Fitness trackers & health information – I’ve walked 6,000 steps, but who else knows it?

By: Kathryn Pajak

April 2017

It was the middle of the night, I was walking back and forth through my apartment determined to get to 10,000 steps.  Sound familiar?  The new fitness trend of wearables has taken the millennial generation by storm (and basically all other generations at that).  But – what does this fitness tracker really track?  The GPS measures how far I’ve walked, but does it track where I was? Where is that information stored?  Can a court subpoena the information?

Fitness trackers have swept the world. A Pricewaterhouse Coopers study found that one in five American adults owns a wearable device, and the research firm Canalys reported that eight million activity-tracking bands were expected to ship in 2014.  Fitness trackers hold great promise for public health policy and personal wellness.  The main contenders in the market are Jawbone (site and privacy policy), Fitbit (site and privacy policy), and Garmin (site and privacy policy).  The challenge fitness tracker and mobile health apps face is striking a balance between collecting necessary information and protecting consumers’ privacy.  Fitness tracker manufacturers require consumer trust to sell their products; they know they cannot sell their products if their customers don’t have confidence that the manufacturers have reasonable privacy protections and data security in place.

What Information is Collected?

Companies Collect Personal Fitness Information (“PFI”) – PFI consists of various types of sensitive information such as a user’s heart rate, number of steps taken, activity levels, sleep quality and duration, and calories burned.  Not only do these devices collect PFI, but also they collect a large volume of it. Data gathered from fitness trackers likely has broader public health implications for researchers and policy makers.  For instance, at some point, such data could be as detailed as a doctor’s medical records, and such information could be shared with employers, insurers and financial professionals. The sale of the aggregate PFI data may ultimately implicate HIPAA thereby imploring lawmakers to update HIPAA or pass new legislation.  It could even fall under the reach of the Fair Credit Reporting Act if it is used to make employment or credit offers.

How is it Collected?

Sensors and Algorithms – Fitness trackers function by collecting information via sensors that measure motion, specifically the acceleration, frequency, duration, intensity and patterns of your movement.  The data collected is transformed into steps and activity.

Fitness Trackers Function on Sharing – When using fitness trackers, individuals voluntarily share their private information.  This directly contrasts traditional privacy concerns of third-party surveillance, because users of fitness trackers voluntarily record and transmit their lives in granular detail.
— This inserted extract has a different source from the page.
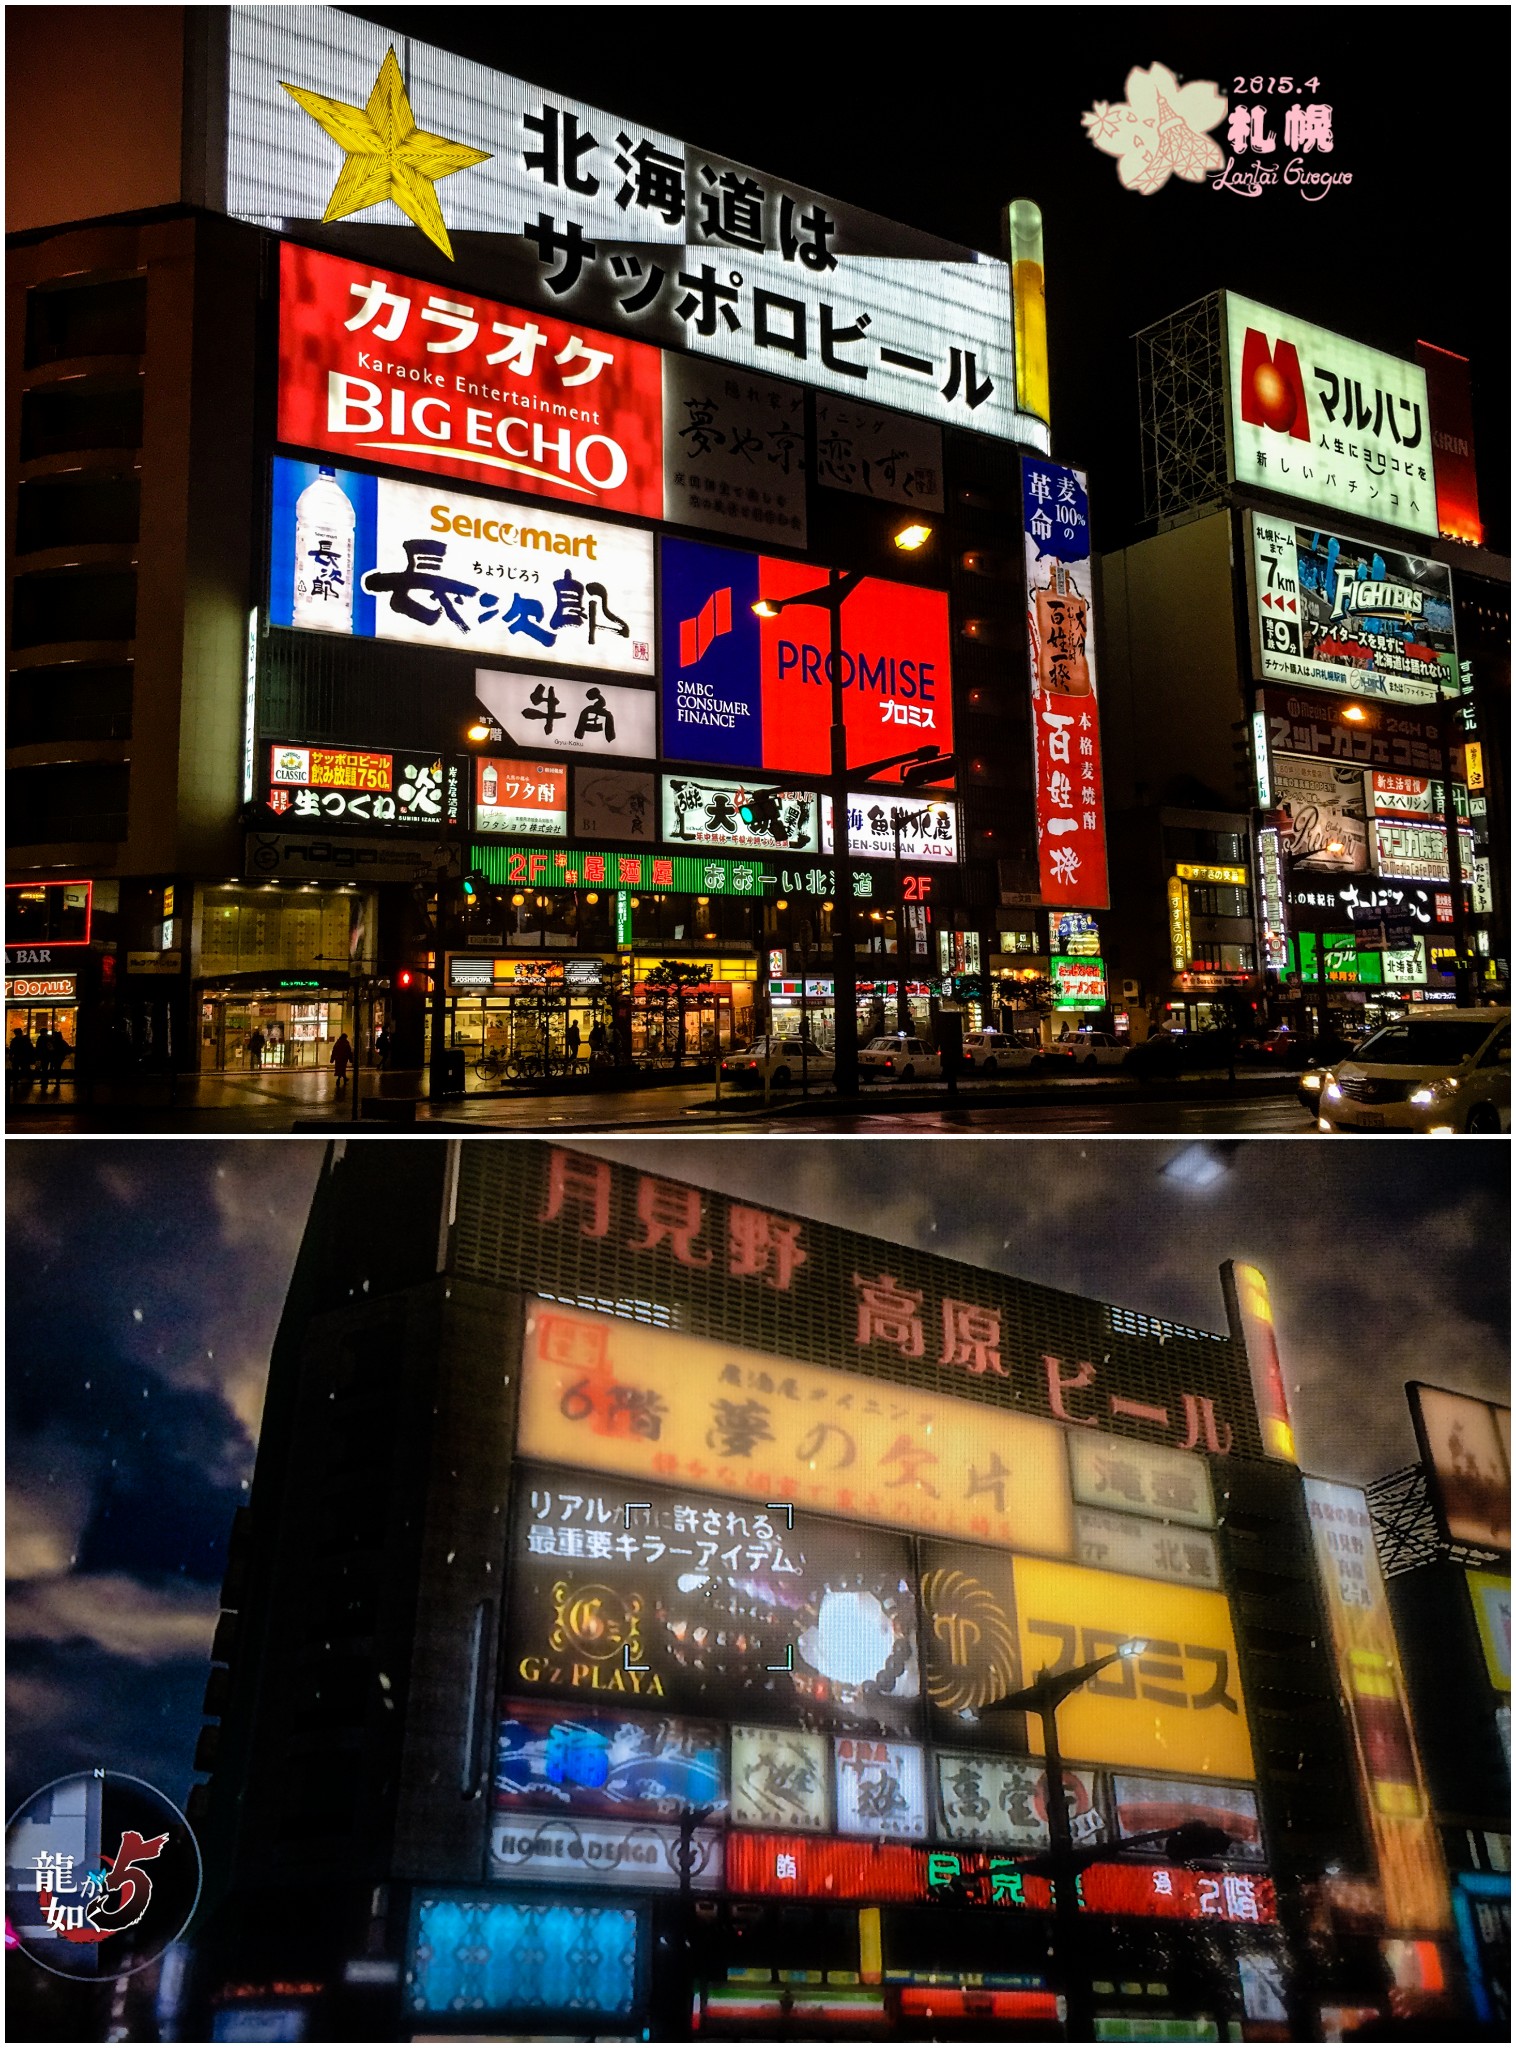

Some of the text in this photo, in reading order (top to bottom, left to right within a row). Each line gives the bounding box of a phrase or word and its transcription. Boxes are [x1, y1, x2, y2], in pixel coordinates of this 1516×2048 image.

Therefore the privacy issue at hand is not whether users are being recorded, but rather what happens to the data collected.  There seems to be a general lack of awareness from users on how much, and how potentially harmful, the data collected is. 

Who has Access?

It isn’t Clear Who has Access to the Information Collected – Naturally companies and fitness brands, which collect this information, have access.  However, recently, these companies have been selling the information to the highest bidder. 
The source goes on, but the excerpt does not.